REQUIRED ACTION » Skip any image you find and restate the rest of the data word for word.

EXCERPTED RECORDS »
::::
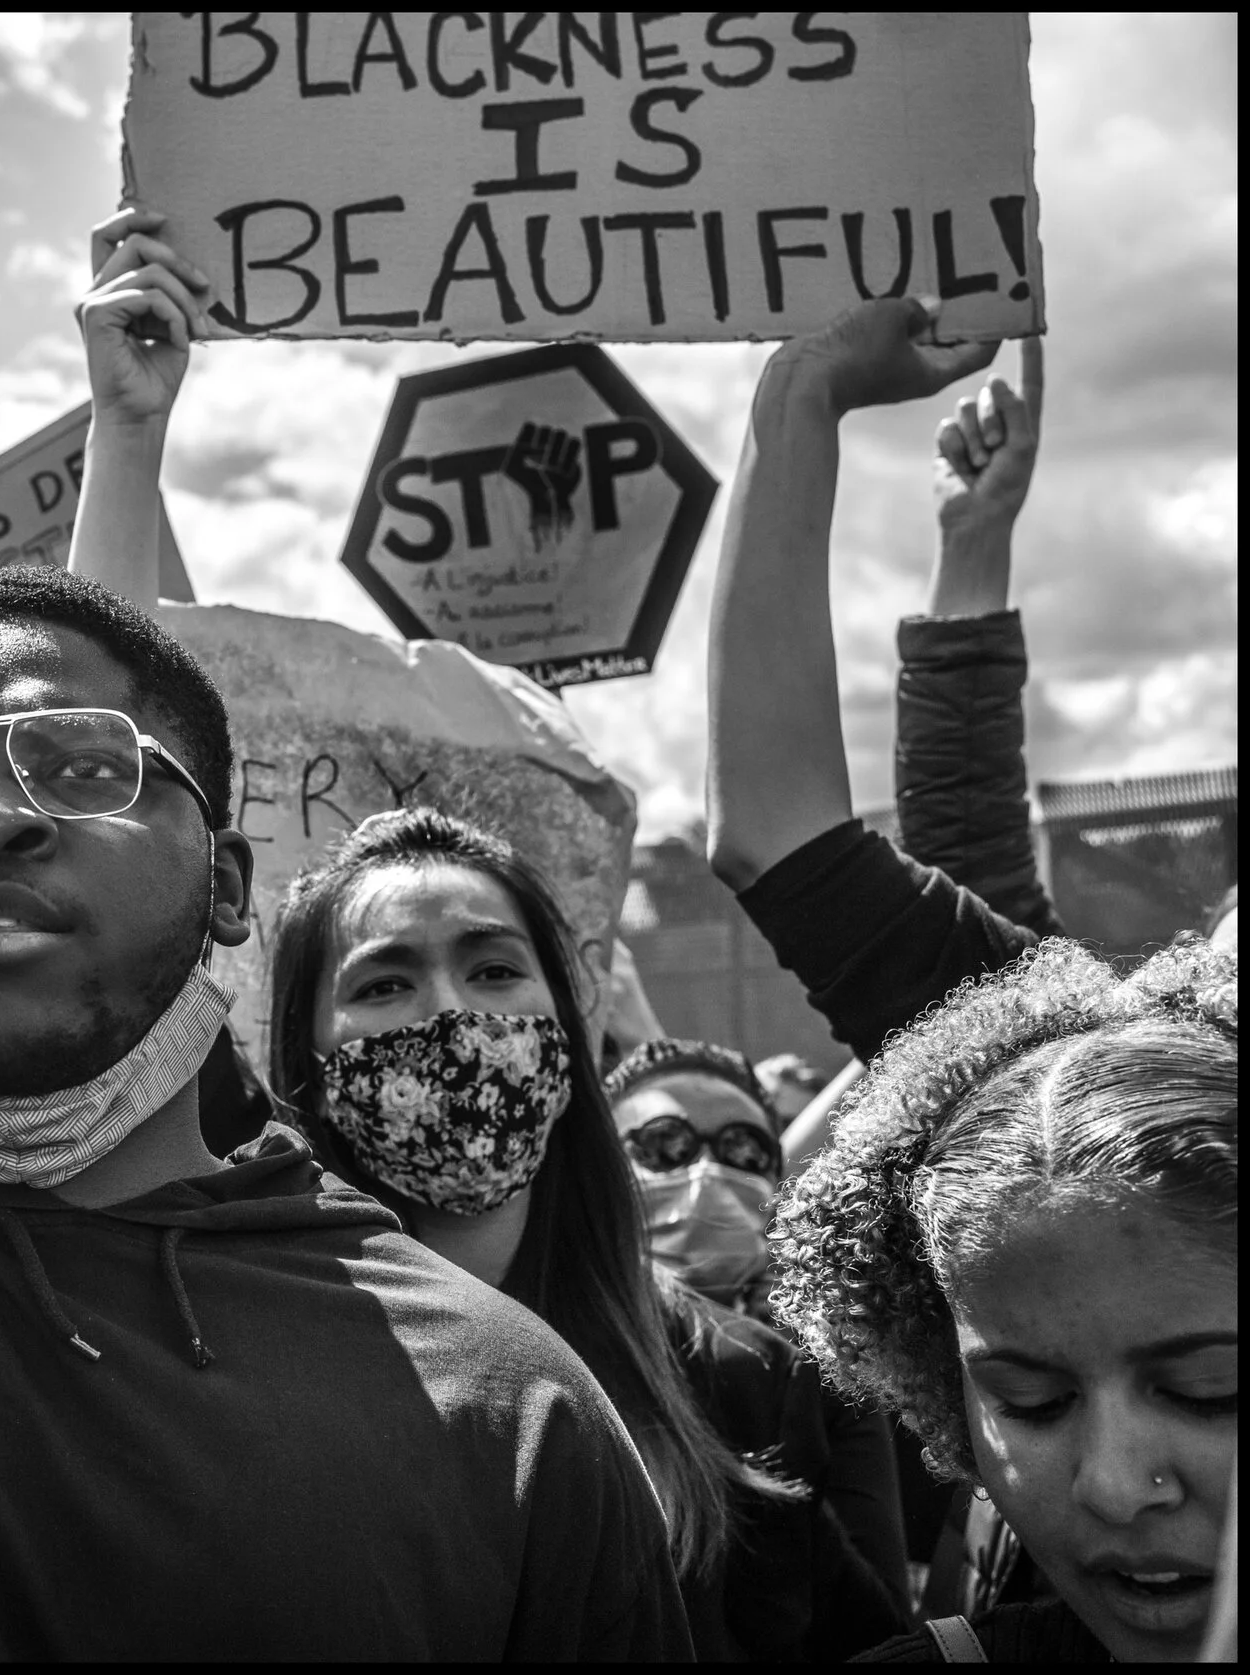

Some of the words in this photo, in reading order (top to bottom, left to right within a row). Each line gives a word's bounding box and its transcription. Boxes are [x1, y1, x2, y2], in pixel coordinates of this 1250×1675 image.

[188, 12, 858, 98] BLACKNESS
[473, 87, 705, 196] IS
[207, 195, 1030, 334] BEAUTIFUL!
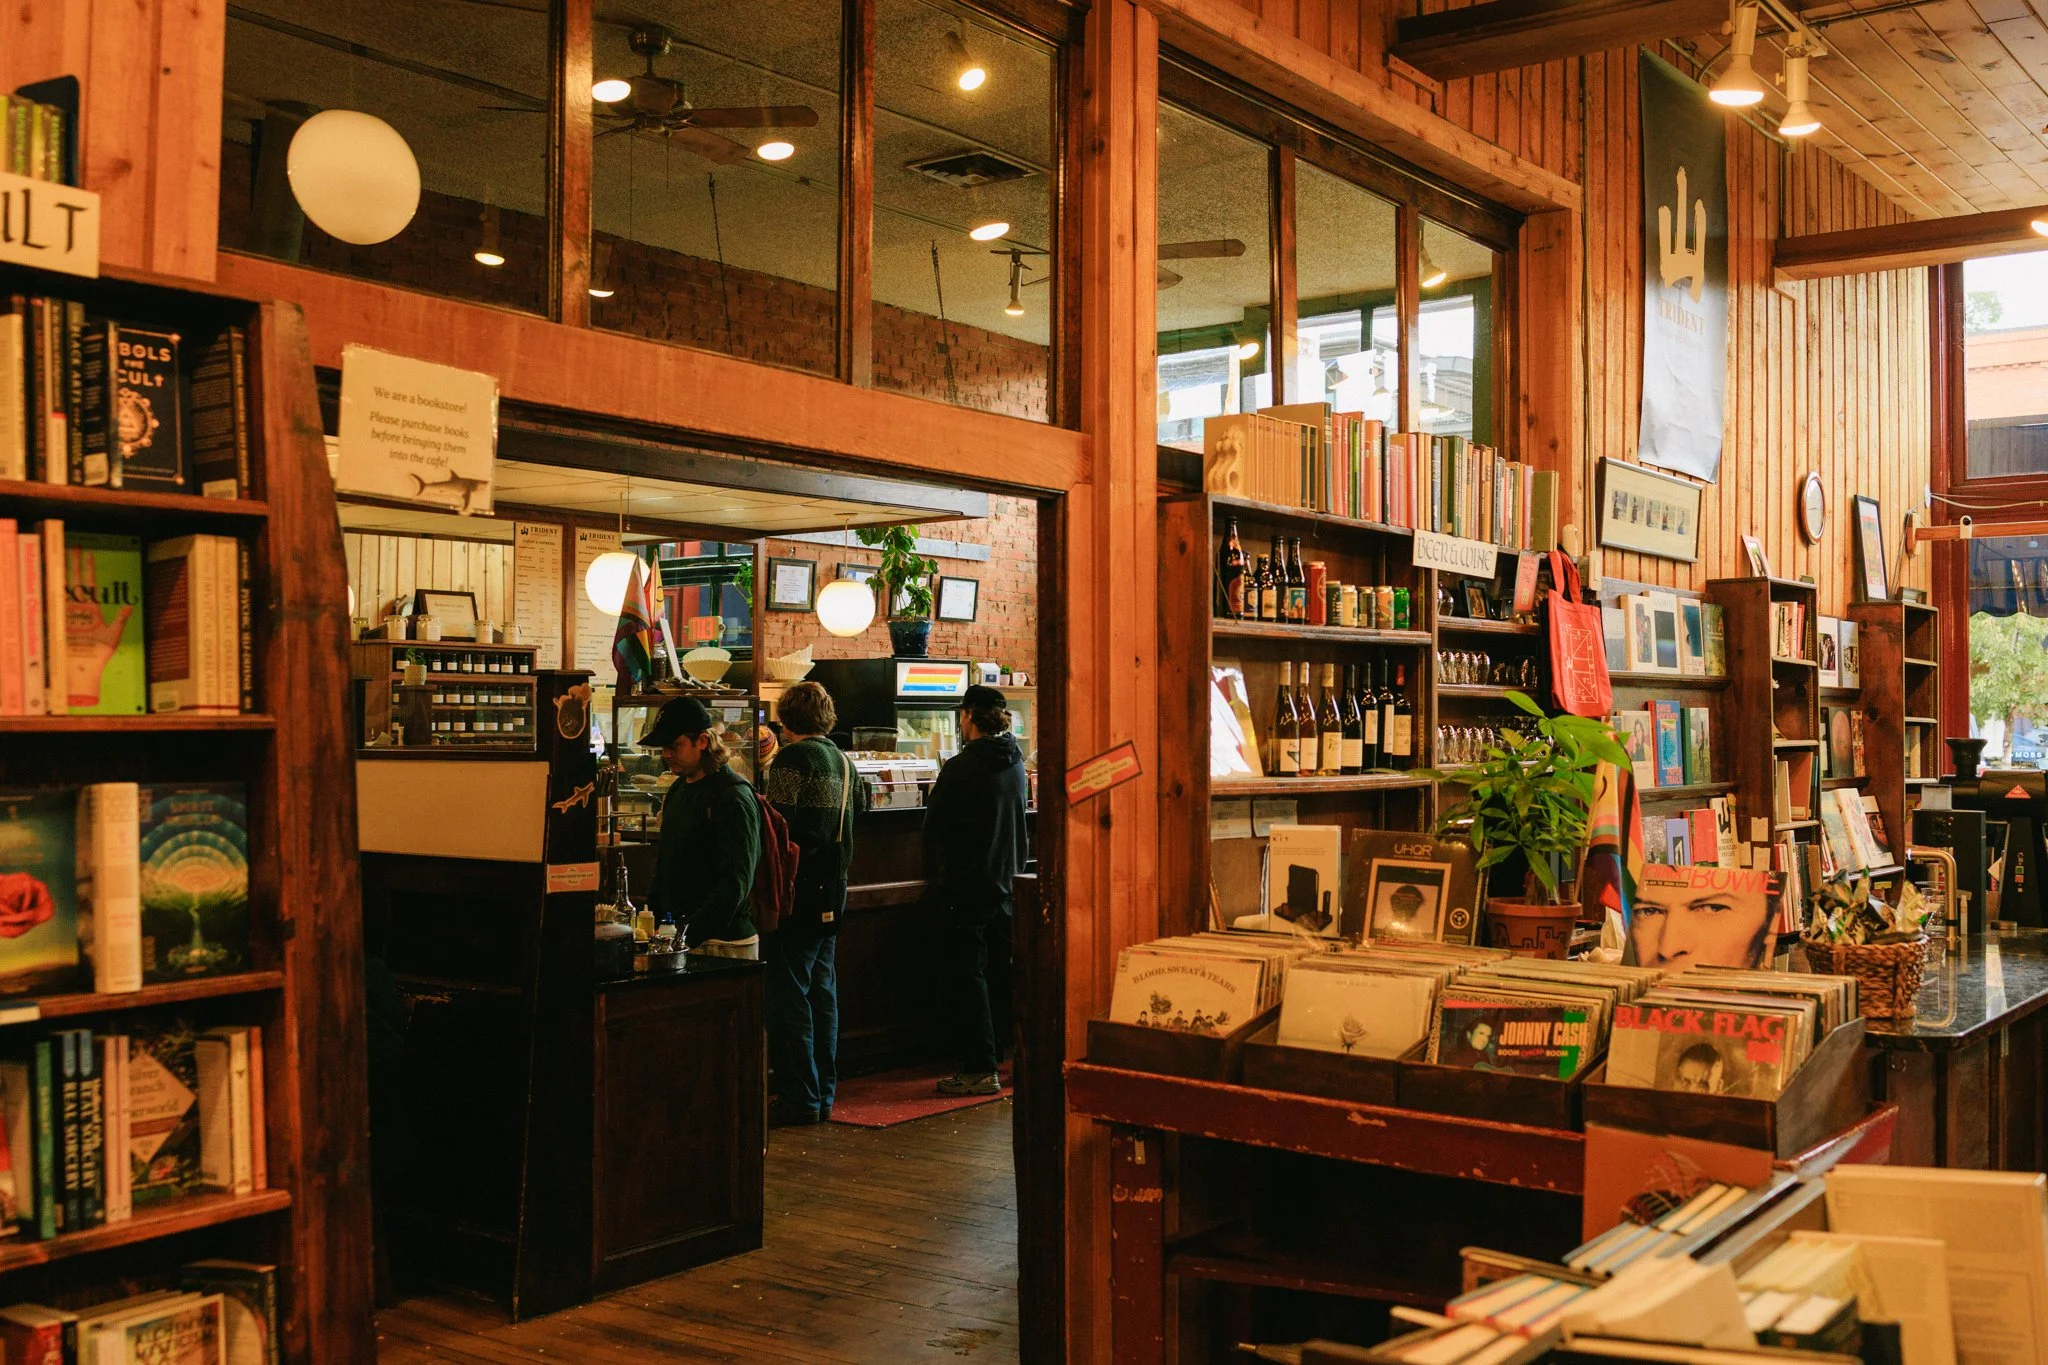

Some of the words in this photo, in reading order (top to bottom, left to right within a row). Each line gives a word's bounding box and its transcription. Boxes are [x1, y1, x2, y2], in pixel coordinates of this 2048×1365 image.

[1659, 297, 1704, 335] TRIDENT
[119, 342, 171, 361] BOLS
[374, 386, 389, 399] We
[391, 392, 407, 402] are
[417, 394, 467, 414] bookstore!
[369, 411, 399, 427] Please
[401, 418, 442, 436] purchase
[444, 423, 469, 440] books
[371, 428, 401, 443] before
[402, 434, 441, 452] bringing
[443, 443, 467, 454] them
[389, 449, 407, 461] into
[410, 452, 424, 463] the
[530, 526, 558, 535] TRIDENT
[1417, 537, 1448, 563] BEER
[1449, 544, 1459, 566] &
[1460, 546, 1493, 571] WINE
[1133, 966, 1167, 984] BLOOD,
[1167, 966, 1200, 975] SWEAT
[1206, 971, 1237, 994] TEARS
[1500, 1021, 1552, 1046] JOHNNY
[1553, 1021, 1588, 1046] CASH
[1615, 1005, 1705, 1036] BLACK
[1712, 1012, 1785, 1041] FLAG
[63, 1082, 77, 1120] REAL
::::
TASK RESPONSE »
Some of the words in this photo, in reading order (top to bottom, left to right within a row). Each line gives a word's bounding box and its transcription. Boxes are [x1, y1, x2, y2], in pixel coordinates of this 1250×1675 image.

[188, 12, 858, 98] BLACKNESS
[473, 87, 705, 196] IS
[207, 195, 1030, 334] BEAUTIFUL!

Some of the words in this photo, in reading order (top to bottom, left to right within a row). Each line gives a word's bounding box and its transcription. Boxes are [x1, y1, x2, y2], in pixel coordinates of this 2048×1365 image.

[1659, 297, 1704, 335] TRIDENT
[119, 342, 171, 361] BOLS
[374, 386, 389, 399] We
[391, 392, 407, 402] are
[417, 394, 467, 414] bookstore!
[369, 411, 399, 427] Please
[401, 418, 442, 436] purchase
[444, 423, 469, 440] books
[371, 428, 401, 443] before
[402, 434, 441, 452] bringing
[443, 443, 467, 454] them
[389, 449, 407, 461] into
[410, 452, 424, 463] the
[530, 526, 558, 535] TRIDENT
[1417, 537, 1448, 563] BEER
[1449, 544, 1459, 566] &
[1460, 546, 1493, 571] WINE
[1133, 966, 1167, 984] BLOOD,
[1167, 966, 1200, 975] SWEAT
[1206, 971, 1237, 994] TEARS
[1500, 1021, 1552, 1046] JOHNNY
[1553, 1021, 1588, 1046] CASH
[1615, 1005, 1705, 1036] BLACK
[1712, 1012, 1785, 1041] FLAG
[63, 1082, 77, 1120] REAL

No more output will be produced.